かけるとこんな感じ |
めがねをかけながらやってみたことは,自分の名前を書くことだ。当たり前の話だが,めがねを通して見える正しい字は,めがねを外したときに見える字と反転している。だから,めがねを通して見た字が正しくきれいに書けていたら,実際は,きれいに上下または左右が反転しているということになる。私は見事にこれをやってのけ,美しい反転文字を書いてしまった。自分が書いたものを見て書くことを頼りにすると,正しい向きの文字を書くのがひどく難しくなる。どうしても目から入ってくる情報に引きずられるからだ。だから,視覚を頼りにせずに ,自分の腕が正しい字を書くように動いているかに注意を向け,腕の動きを微調整しつつ書いていくと,正確な向きで早く字を書けるようになる。
結局私は10分くらいしか体験しなかったが,その授業を担当している先生の知人で,反転めがねをつけながら一定期間過ごした人がいるらしい。反転した世界を見ながら街中を歩くとか,電車に乗るとか,想像しただけでちょっと怖い。先生の話によれば,かけはじめたの頃はやはり大変だったようだが,徐々にその世界に慣れ,適応し,日常生活を送れるようになったとのこと。
人間はあらゆる情報を感覚器官で受け取って処理しながら生きているが,視覚情報の影響力は強い。
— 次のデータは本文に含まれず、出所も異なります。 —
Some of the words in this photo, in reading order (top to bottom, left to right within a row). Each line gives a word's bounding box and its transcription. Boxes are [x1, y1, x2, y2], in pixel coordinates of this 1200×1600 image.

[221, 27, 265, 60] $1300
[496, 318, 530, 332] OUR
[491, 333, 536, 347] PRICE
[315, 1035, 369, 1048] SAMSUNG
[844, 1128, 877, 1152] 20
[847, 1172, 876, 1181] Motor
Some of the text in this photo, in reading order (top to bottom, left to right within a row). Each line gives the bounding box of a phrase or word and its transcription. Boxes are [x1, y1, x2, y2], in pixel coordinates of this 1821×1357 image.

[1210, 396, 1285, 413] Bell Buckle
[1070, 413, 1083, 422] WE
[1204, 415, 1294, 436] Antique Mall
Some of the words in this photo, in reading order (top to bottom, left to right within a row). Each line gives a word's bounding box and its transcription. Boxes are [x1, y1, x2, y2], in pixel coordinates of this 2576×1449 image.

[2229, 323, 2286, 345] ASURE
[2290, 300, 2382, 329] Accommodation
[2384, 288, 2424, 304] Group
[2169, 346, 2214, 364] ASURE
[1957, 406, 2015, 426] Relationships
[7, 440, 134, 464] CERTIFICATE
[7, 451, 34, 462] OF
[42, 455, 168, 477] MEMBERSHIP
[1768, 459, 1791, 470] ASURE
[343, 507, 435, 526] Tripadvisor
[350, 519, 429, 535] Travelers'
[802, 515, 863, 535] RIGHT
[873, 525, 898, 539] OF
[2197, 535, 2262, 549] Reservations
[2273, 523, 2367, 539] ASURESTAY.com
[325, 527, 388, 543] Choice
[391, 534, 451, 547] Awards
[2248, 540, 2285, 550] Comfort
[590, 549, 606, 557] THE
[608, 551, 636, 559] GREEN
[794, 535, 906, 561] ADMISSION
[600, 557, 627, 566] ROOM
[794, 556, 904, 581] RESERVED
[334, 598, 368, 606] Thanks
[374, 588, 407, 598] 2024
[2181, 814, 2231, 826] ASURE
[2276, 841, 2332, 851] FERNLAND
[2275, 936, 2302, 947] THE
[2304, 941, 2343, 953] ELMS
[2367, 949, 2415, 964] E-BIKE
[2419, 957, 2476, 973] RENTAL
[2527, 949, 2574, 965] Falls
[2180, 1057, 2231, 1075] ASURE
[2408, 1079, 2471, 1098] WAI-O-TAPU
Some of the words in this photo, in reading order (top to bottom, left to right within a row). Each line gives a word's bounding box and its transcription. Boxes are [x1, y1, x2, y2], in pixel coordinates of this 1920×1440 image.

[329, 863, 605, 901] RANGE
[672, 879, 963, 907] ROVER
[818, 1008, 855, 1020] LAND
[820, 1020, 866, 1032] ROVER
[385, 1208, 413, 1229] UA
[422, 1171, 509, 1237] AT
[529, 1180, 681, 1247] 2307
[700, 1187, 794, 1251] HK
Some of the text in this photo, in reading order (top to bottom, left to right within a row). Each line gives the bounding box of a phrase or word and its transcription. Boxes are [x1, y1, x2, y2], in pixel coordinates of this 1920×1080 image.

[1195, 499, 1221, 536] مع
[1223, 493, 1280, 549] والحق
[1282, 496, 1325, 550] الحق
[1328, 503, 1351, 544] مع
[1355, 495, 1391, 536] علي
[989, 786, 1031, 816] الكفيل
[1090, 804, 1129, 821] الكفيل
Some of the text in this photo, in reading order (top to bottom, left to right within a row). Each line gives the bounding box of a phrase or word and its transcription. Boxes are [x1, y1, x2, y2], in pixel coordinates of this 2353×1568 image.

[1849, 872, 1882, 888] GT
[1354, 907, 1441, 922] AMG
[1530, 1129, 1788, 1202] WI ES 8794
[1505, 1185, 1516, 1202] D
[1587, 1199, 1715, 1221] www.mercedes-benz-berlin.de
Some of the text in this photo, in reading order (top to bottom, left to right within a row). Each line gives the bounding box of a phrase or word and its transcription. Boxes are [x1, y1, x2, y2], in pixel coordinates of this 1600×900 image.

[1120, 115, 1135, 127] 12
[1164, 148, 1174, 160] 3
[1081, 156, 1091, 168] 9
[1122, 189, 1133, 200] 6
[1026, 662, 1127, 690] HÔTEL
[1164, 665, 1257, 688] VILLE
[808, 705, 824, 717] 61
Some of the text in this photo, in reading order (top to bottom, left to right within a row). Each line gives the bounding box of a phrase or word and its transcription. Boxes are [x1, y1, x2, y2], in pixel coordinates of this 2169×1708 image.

人間の運動は,外部から受け取った情報をもとにしてなされ,視覚―運動で協応関係ができあがっている。逆さめがねをかけると,視覚情報がいつものものと全く別物になるので,それまでの視覚―運動の協応関係は崩れることになる。しかし,反転した世界もしばらくすると慣れてくる。その間,トライ&フィードバックを繰り返しつつ,視覚―運動の協応関係が再構築される。だから日常生活が送れるようになるのだろう。恐るべし,人間の適応力!